I read a lot of Urban Fantasy. I read broadly but UF is probably my favorite. As a reader, I was totally unaware of publishing trends. But in the last few years I’ve had to learn a lot more about publishing and then I started to hear that “urban fantasy is dead” from publishing insiders. I thought that was strange as I was still buying and reading a lot of it. Then I saw this Twitter thread from Seanan McGuire discussing her Toby Daye debut and I realized that perhaps there is a phase when UF is dead and then some hot talent breaks in and it’s not dead anymore, but then a few years go by and you hear it’s dead again.
This was all the more impressive when you consider that a) they were my debut, and b) that was during one of the many rounds of “urban fantasy is dead, bury your corpses and your leather pants.”
— Seanan McGuire (@seananmcguire) February 22, 2021
I may be mistaken but I think I heard Dongwon Song say in a podcast interview that he thought the advent of Kindle Unlimited made it very difficult to build a UF fanbase in traditional publishing anymore because readers were able to binge read through Kindle Unlimited which made them less patient for the one book a year model of trad pub.

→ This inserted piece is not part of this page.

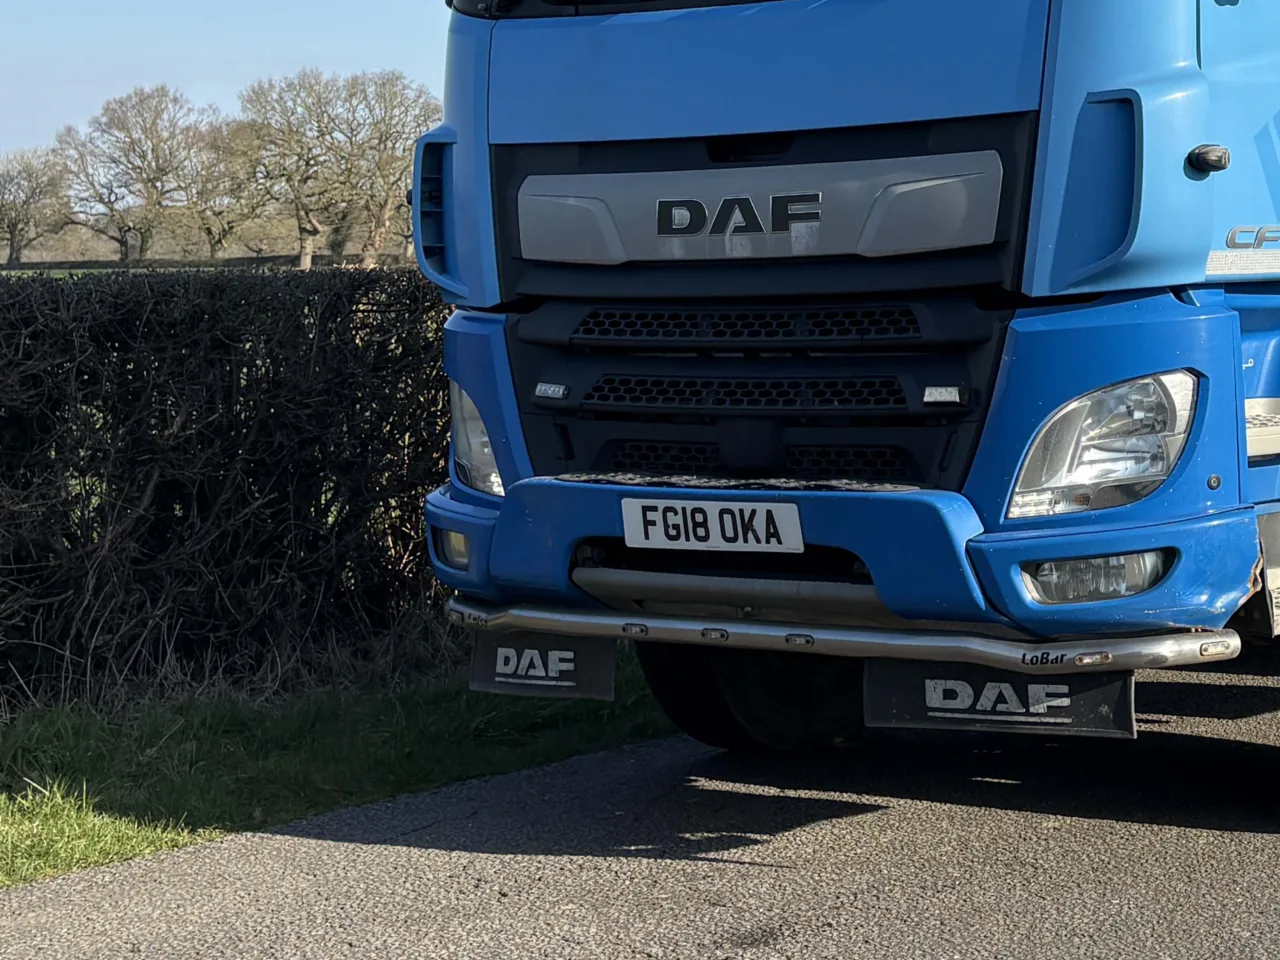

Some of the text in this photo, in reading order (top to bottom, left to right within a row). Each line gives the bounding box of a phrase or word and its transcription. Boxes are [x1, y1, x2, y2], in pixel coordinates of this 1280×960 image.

However, I’m seeing some uptick of UF (or “contemporary fantasy”) and I’m delighted. So maybe UF is back, or “undead” (which is fitting, right?). The one that immediately comes to mind is Rebecca Roanhorse’s Trail of Lightning. I absolutely loved that book.
This week I blasted through Zen Cho’s Black Water Sister. What a delight to read an urban fantasy set in Penang, Malaysia.
There is the intersection of all the things I love: food, humor, hungry ghosts, and strong women. The thing I wasn’t expecting from this book was the way I could relate to the exasperating family members, the heavy weight of Asian parent expectations and the almost delayed adulthood that one can feel when living at home after college. Emotionally tender and compassionate, this book hit me in all the feels.